Input for this task ▸

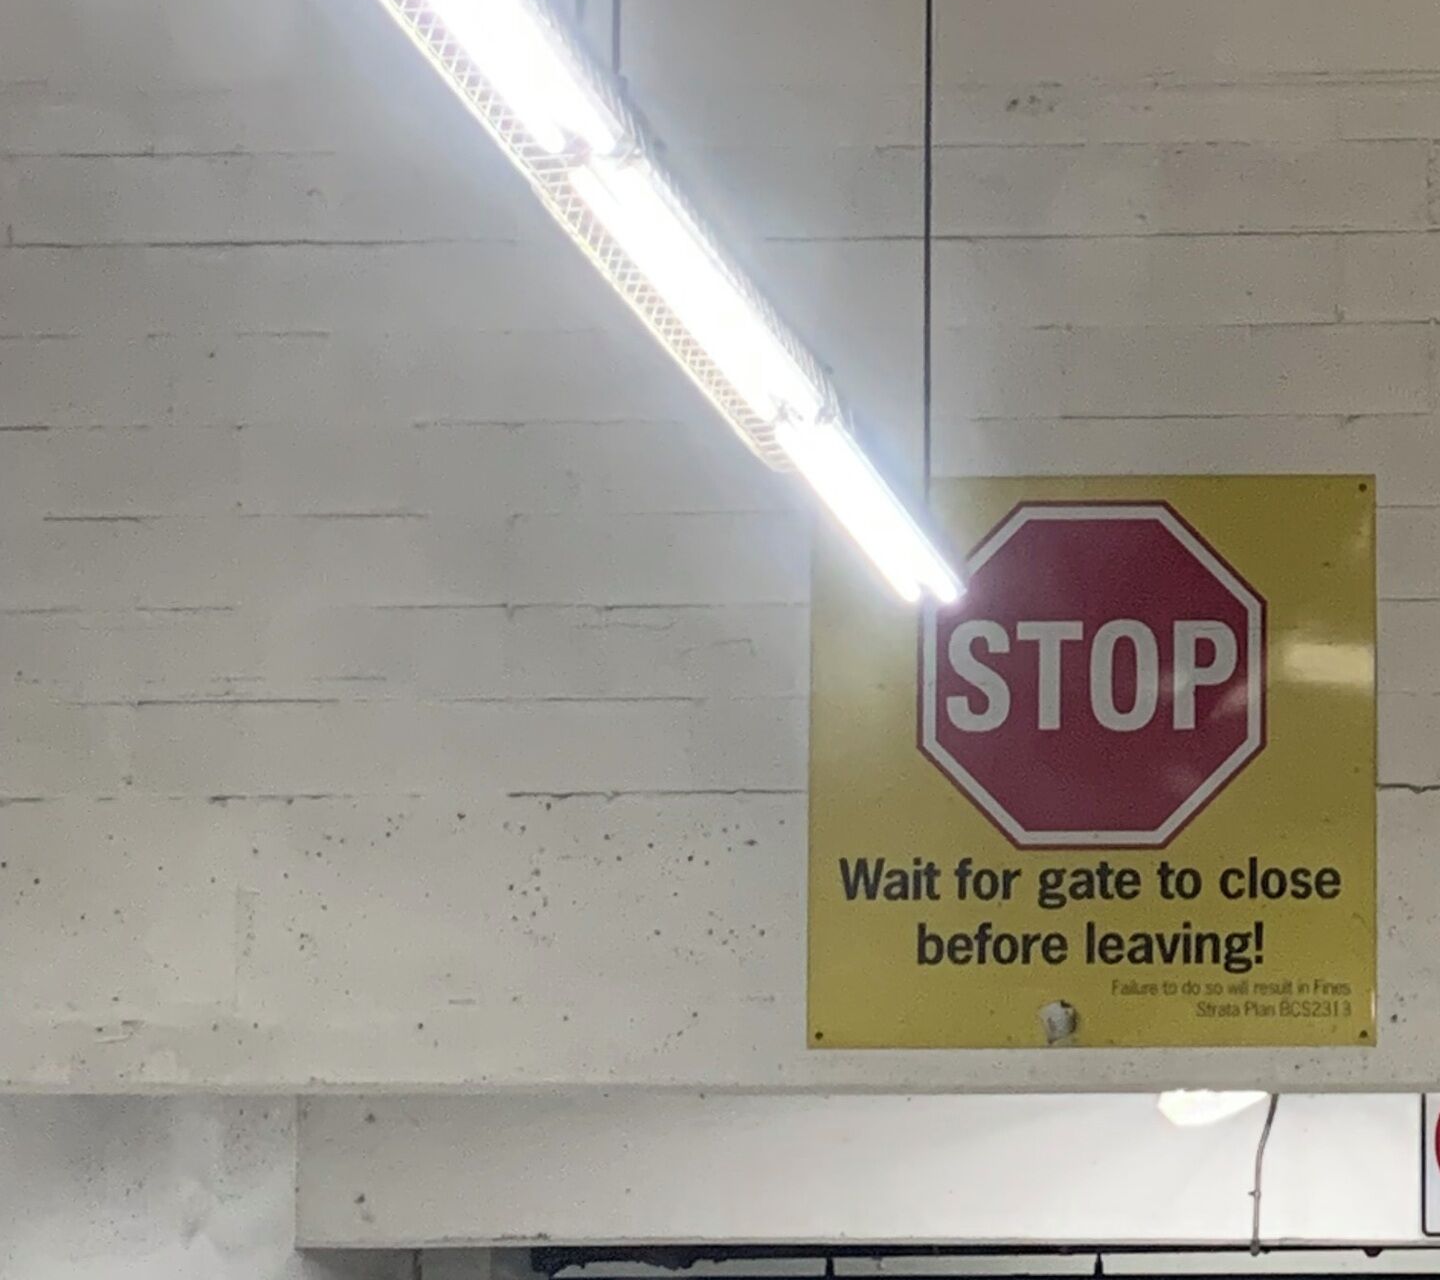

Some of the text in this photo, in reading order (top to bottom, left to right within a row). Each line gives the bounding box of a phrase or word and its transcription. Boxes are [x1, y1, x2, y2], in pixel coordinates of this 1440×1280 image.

[945, 618, 1239, 733] STOP
[839, 858, 1341, 908] Wait for gate to close
[917, 922, 1264, 973] before leaving!
[1111, 979, 1351, 995] Failure to do so will result in Fines
[1196, 1001, 1240, 1017] Strata
[1244, 1001, 1276, 1017] Plan
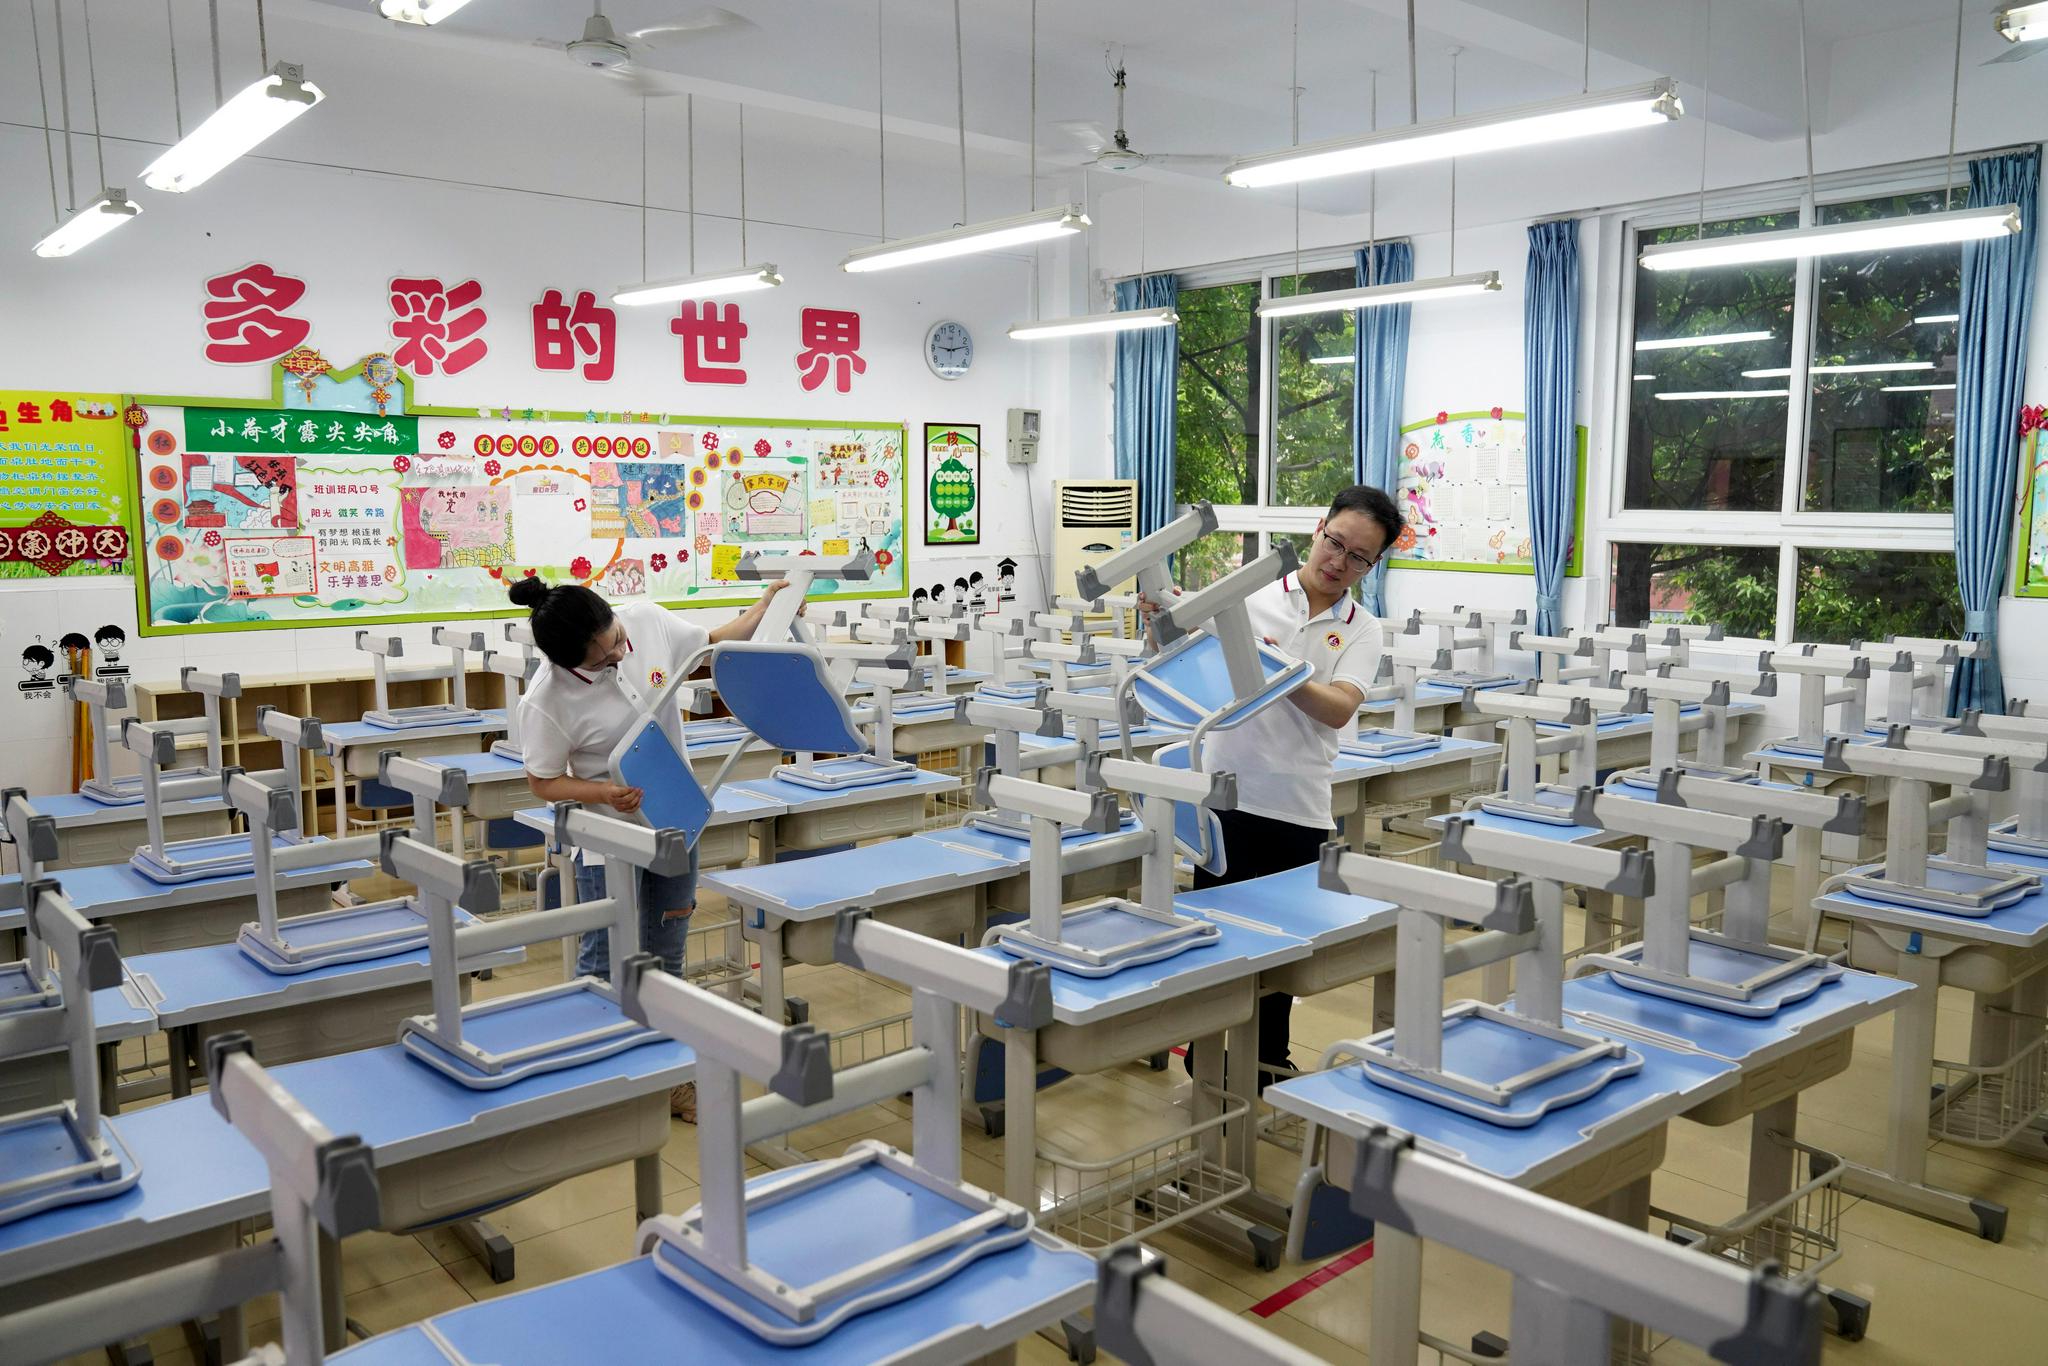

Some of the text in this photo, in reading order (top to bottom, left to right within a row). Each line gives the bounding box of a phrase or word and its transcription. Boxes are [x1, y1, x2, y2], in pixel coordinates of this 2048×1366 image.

Problem details ▸
A word-for-word copy of the listing is needed. It must not include the pictures.

Solution ▸
Some of the text in this photo, in reading order (top to bottom, left to right within a row). Each line gives the bounding box of a phrase or word and its transcription. Boxes are [x1, y1, x2, y2], in pixel coordinates of this 1440×1280 image.

[945, 618, 1239, 733] STOP
[839, 858, 1341, 908] Wait for gate to close
[917, 922, 1264, 973] before leaving!
[1111, 979, 1351, 995] Failure to do so will result in Fines
[1196, 1001, 1240, 1017] Strata
[1244, 1001, 1276, 1017] Plan

Some of the text in this photo, in reading order (top to bottom, left to right within a row). Each line gives the bounding box of a phrase or word and its transcription. Boxes are [x1, y1, x2, y2], in pixel coordinates of this 2048×1366 image.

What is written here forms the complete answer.